● Task statement:
For every record beneath this instruction, give an exact repetition, omitting images.

===== Dataset excerpts =====

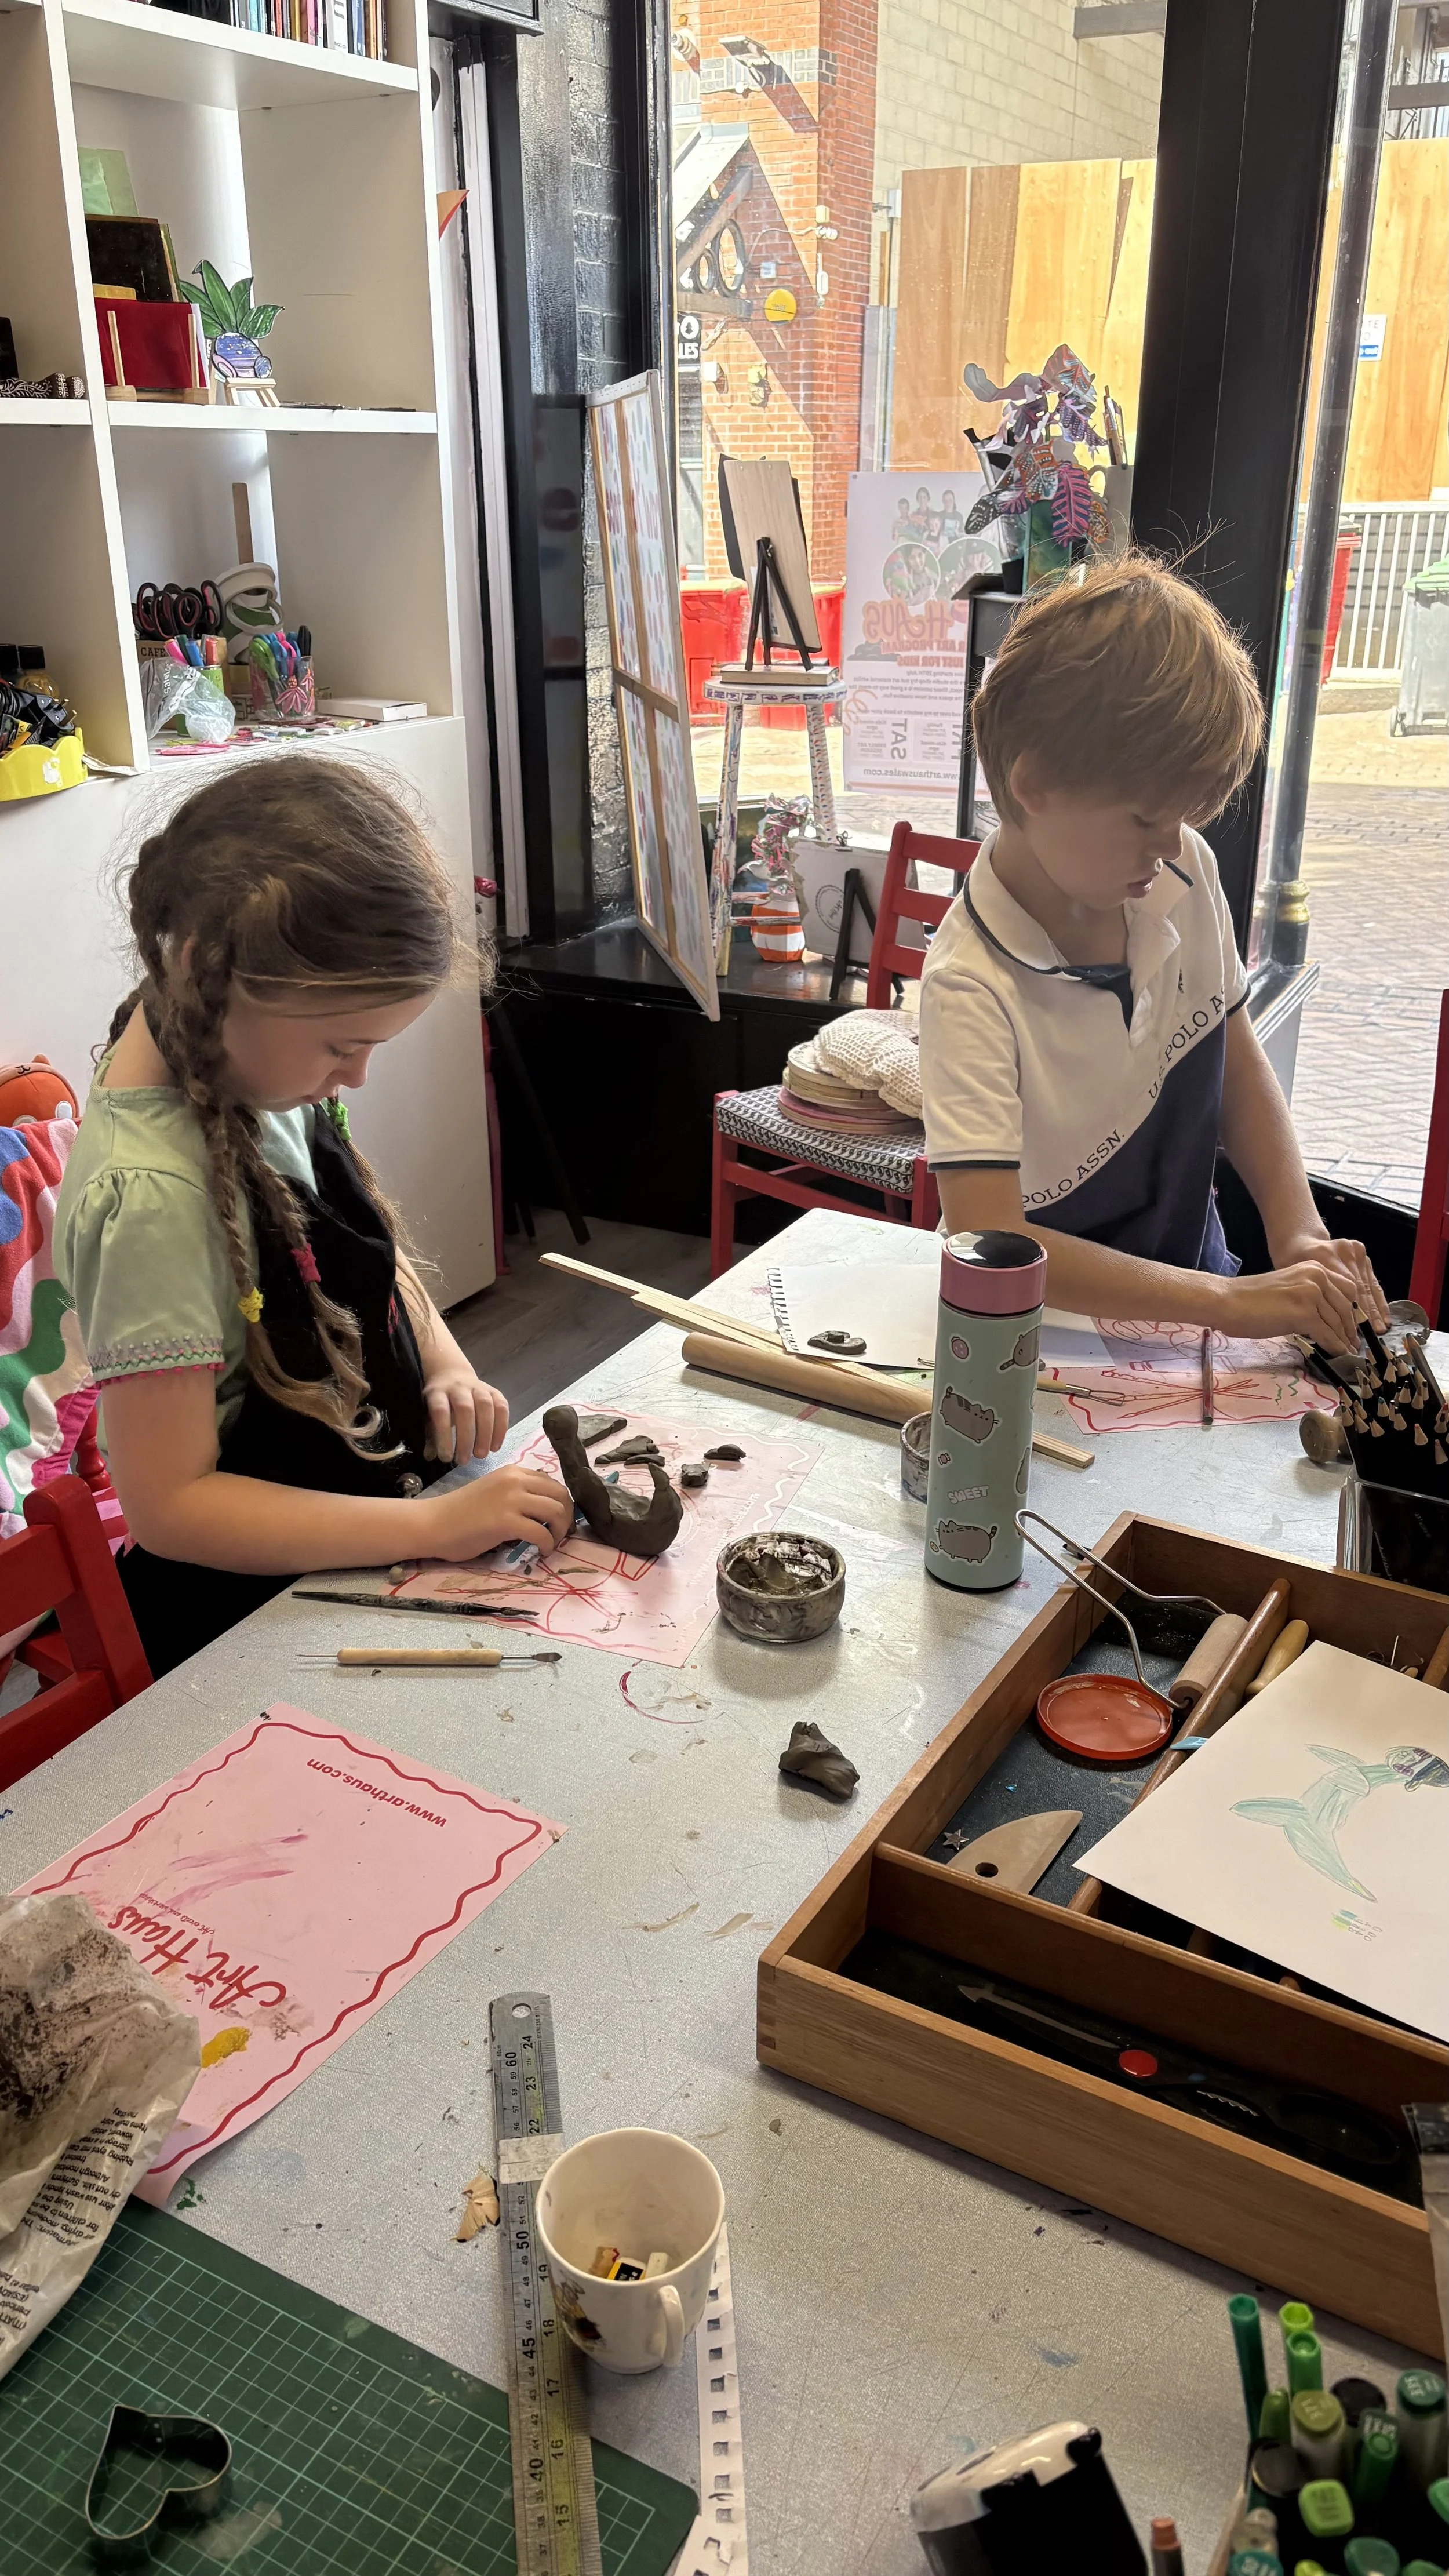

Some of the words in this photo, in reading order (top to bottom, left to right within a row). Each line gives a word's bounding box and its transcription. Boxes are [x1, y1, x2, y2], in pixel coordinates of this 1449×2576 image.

[1164, 1010, 1208, 1063] POLO
[1022, 1179, 1072, 1207] POLO
[1076, 1129, 1125, 1181] ASSN.
[947, 1484, 989, 1504] SWEET
[306, 1758, 447, 1827] www.arthaus.com
[107, 1906, 199, 1975] Haus
[185, 1952, 287, 2010] Art
[522, 2036, 532, 2049] 24
[505, 2051, 517, 2067] 60
[510, 2071, 517, 2080] 59
[525, 2076, 536, 2091] 23
[511, 2088, 518, 2097] 58
[512, 2105, 519, 2113] 57
[514, 2122, 520, 2131] 56
[529, 2118, 540, 2134] 22
[516, 2231, 530, 2250] 50
[522, 2255, 529, 2266] 49
[539, 2264, 549, 2282] 19
[523, 2276, 530, 2287] 48
[523, 2298, 531, 2309] 47
[526, 2320, 533, 2331] 46
[543, 2319, 555, 2338] 18
[522, 2337, 536, 2359] 45
[547, 2378, 559, 2397] 17
[531, 2413, 538, 2426] 42
[551, 2439, 564, 2461] 16
[529, 2458, 544, 2482] 40
[537, 2515, 545, 2529] 38
[555, 2504, 570, 2527] 15
[539, 2544, 547, 2557] 37
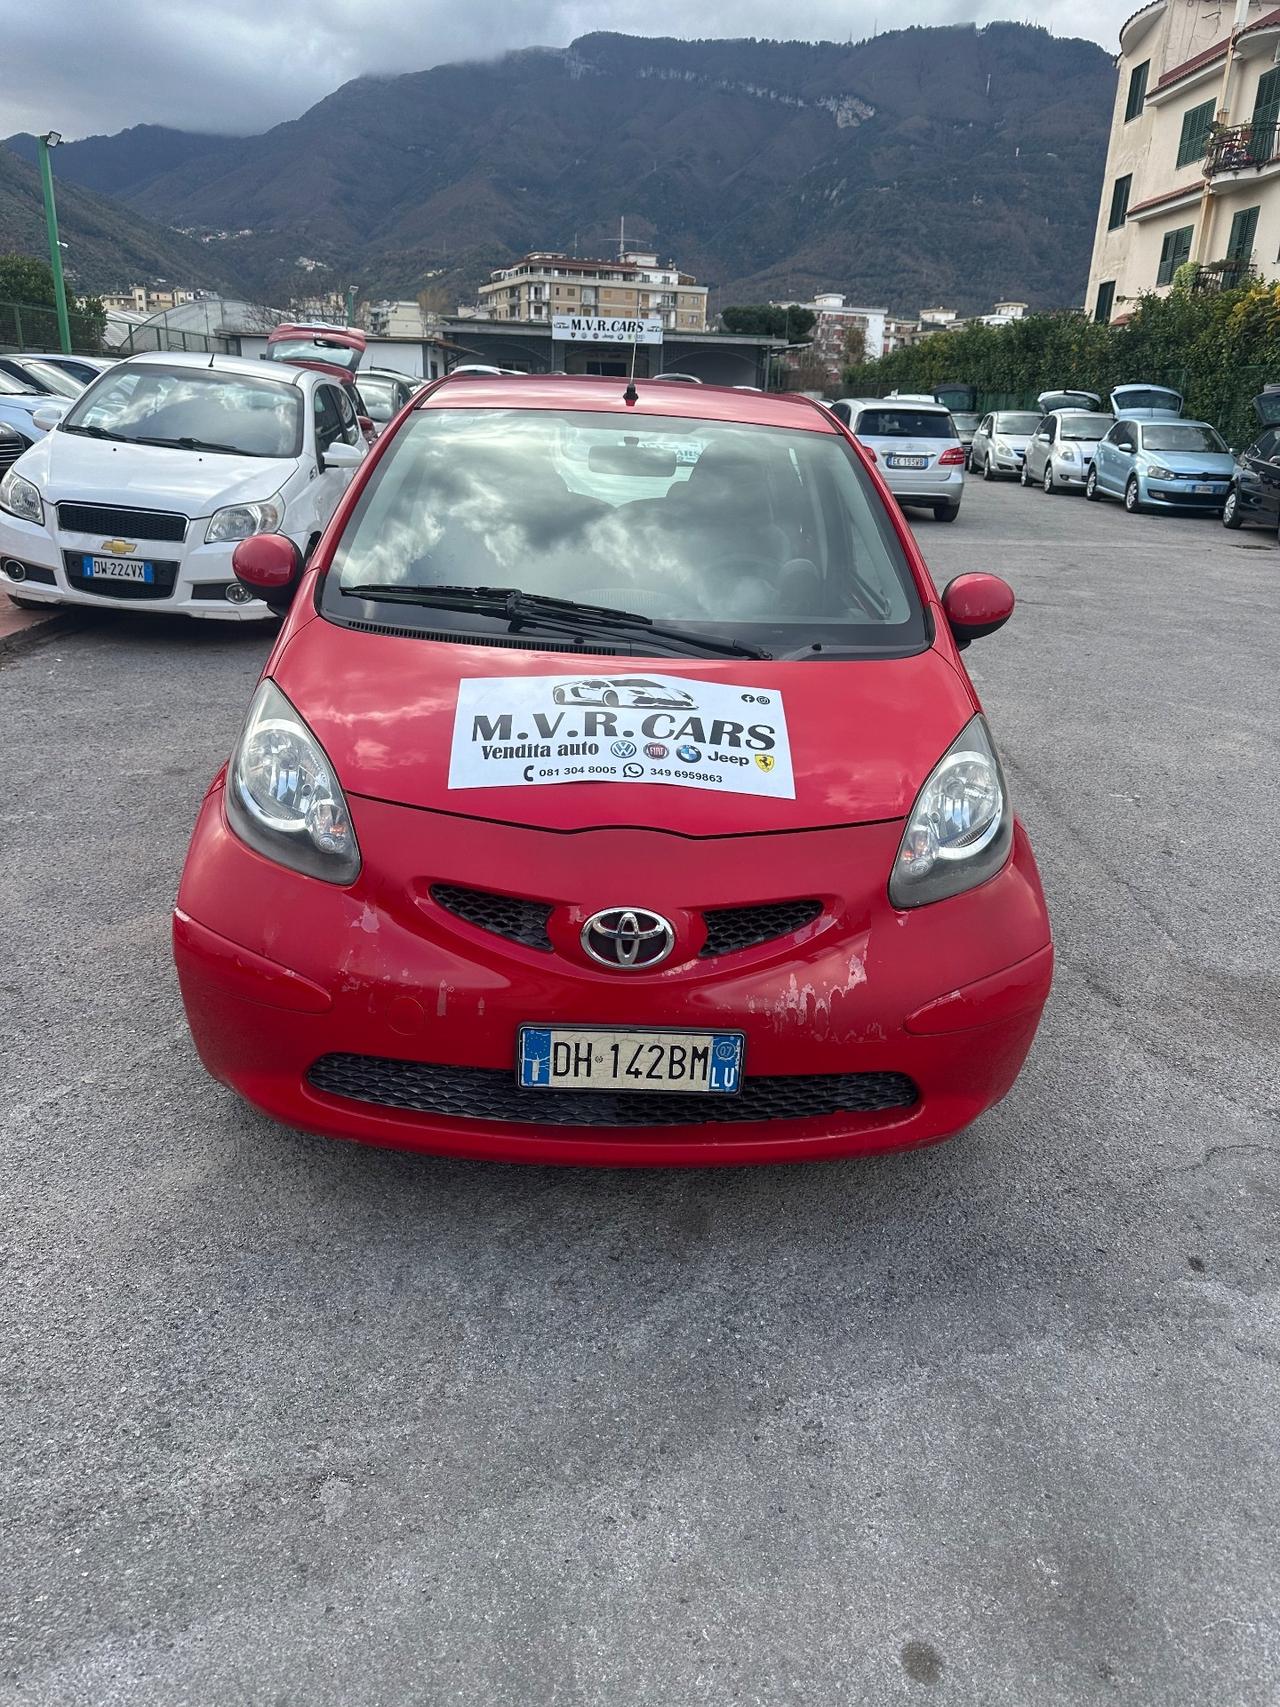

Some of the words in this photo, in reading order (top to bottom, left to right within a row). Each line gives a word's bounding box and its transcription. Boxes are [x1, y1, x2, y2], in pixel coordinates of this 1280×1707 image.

[481, 743, 551, 760] Vendita
[557, 741, 599, 757] auto
[708, 751, 749, 766] Jeep
[539, 768, 560, 777] 081
[564, 766, 585, 776] 304
[588, 765, 617, 775] 8005
[650, 767, 671, 777] 349
[674, 769, 723, 783] 6959863
[552, 1041, 593, 1077] DH
[610, 1043, 710, 1081] 142BM
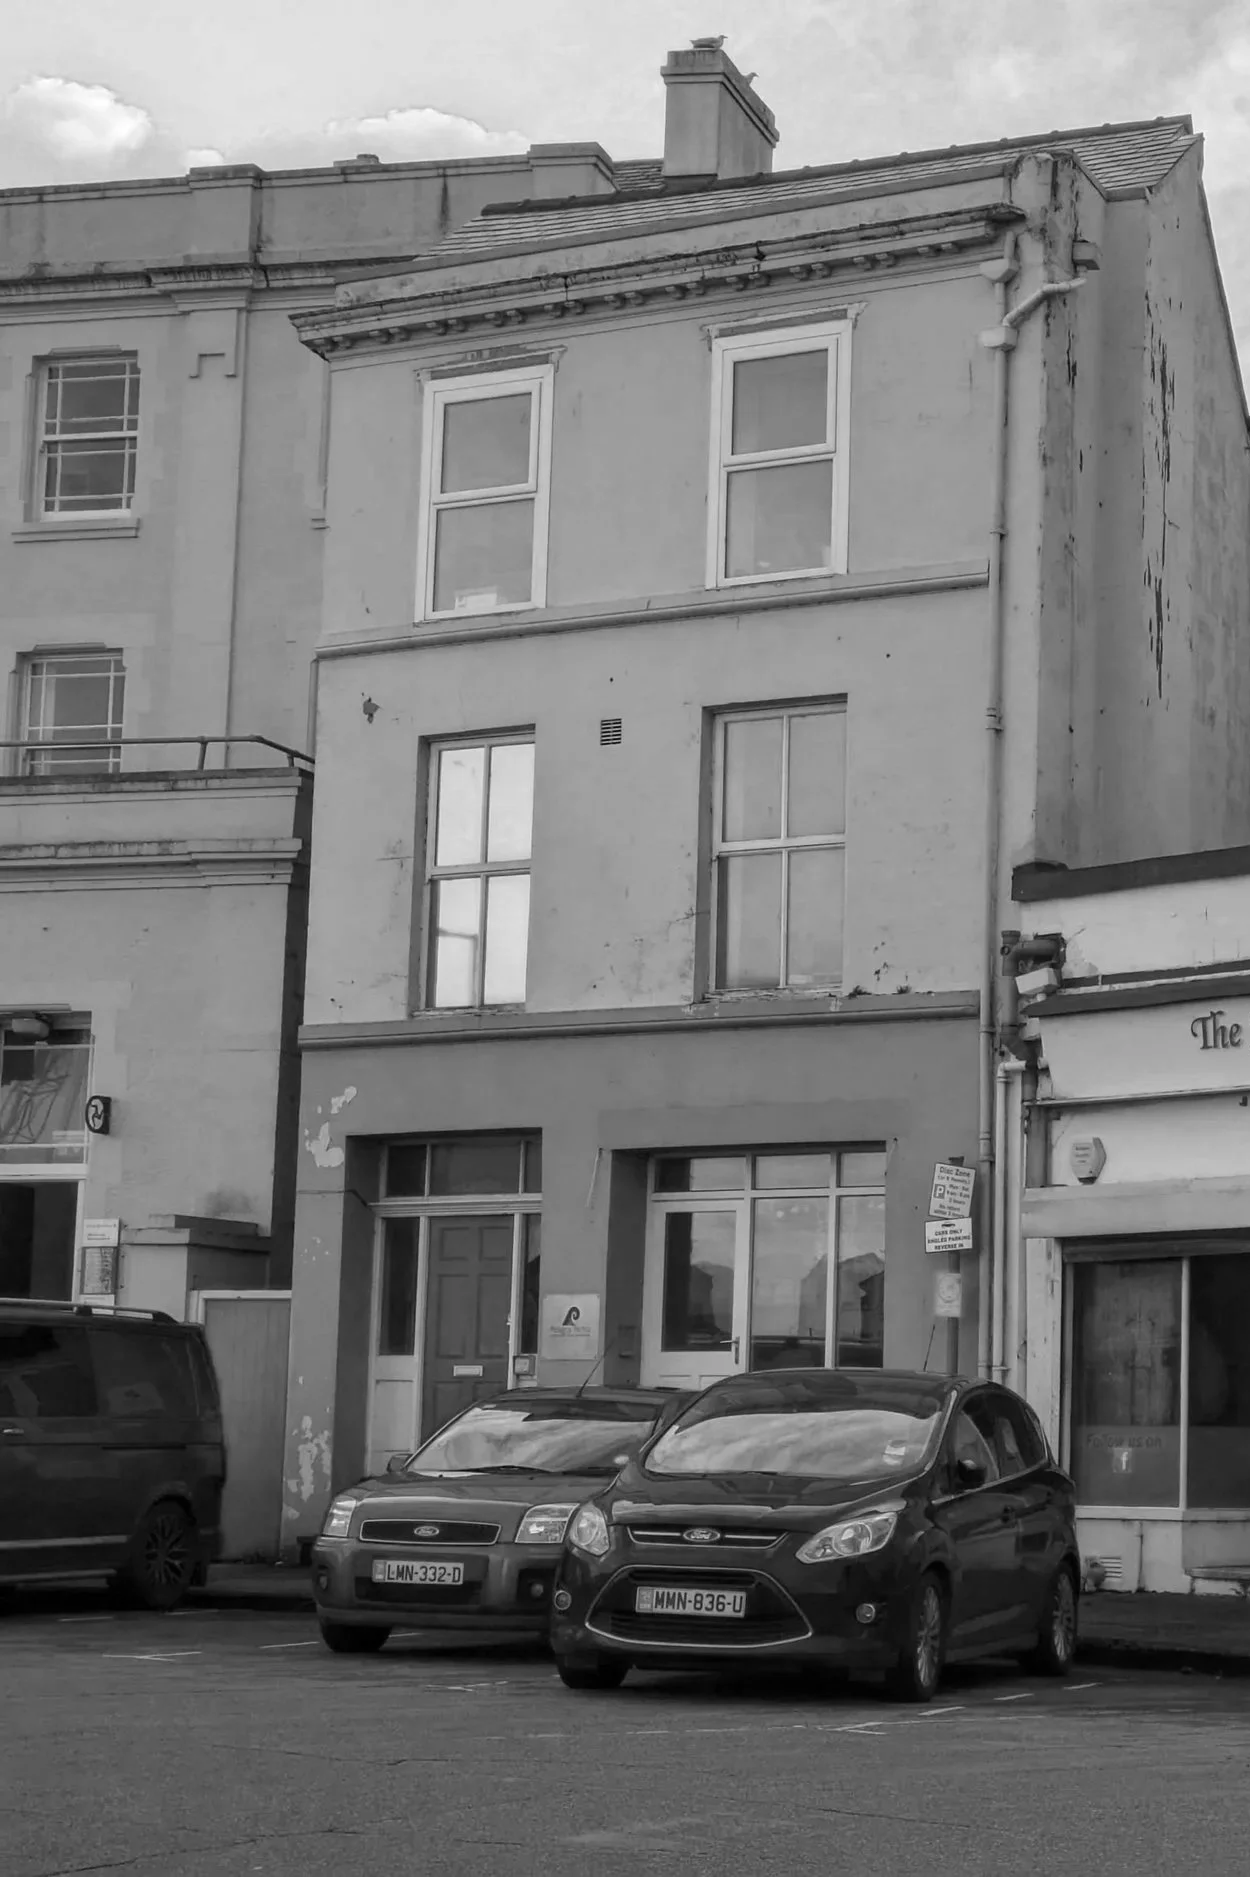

=====

● Answer:
Some of the words in this photo, in reading order (top to bottom, left to right within a row). Each line gives a word's bounding box and its transcription. Boxes are [x1, y1, x2, y2], in pixel coordinates of this 1449×2576 image.

[1164, 1010, 1208, 1063] POLO
[1022, 1179, 1072, 1207] POLO
[1076, 1129, 1125, 1181] ASSN.
[947, 1484, 989, 1504] SWEET
[306, 1758, 447, 1827] www.arthaus.com
[107, 1906, 199, 1975] Haus
[185, 1952, 287, 2010] Art
[522, 2036, 532, 2049] 24
[505, 2051, 517, 2067] 60
[510, 2071, 517, 2080] 59
[525, 2076, 536, 2091] 23
[511, 2088, 518, 2097] 58
[512, 2105, 519, 2113] 57
[514, 2122, 520, 2131] 56
[529, 2118, 540, 2134] 22
[516, 2231, 530, 2250] 50
[522, 2255, 529, 2266] 49
[539, 2264, 549, 2282] 19
[523, 2276, 530, 2287] 48
[523, 2298, 531, 2309] 47
[526, 2320, 533, 2331] 46
[543, 2319, 555, 2338] 18
[522, 2337, 536, 2359] 45
[547, 2378, 559, 2397] 17
[531, 2413, 538, 2426] 42
[551, 2439, 564, 2461] 16
[529, 2458, 544, 2482] 40
[537, 2515, 545, 2529] 38
[555, 2504, 570, 2527] 15
[539, 2544, 547, 2557] 37

Some of the words in this photo, in reading order (top to bottom, left to right within a row). Each line gives a word's bounding box and its transcription. Boxes are [x1, y1, x2, y2], in pixel coordinates of this 1280×1707 image.

[481, 743, 551, 760] Vendita
[557, 741, 599, 757] auto
[708, 751, 749, 766] Jeep
[539, 768, 560, 777] 081
[564, 766, 585, 776] 304
[588, 765, 617, 775] 8005
[650, 767, 671, 777] 349
[674, 769, 723, 783] 6959863
[552, 1041, 593, 1077] DH
[610, 1043, 710, 1081] 142BM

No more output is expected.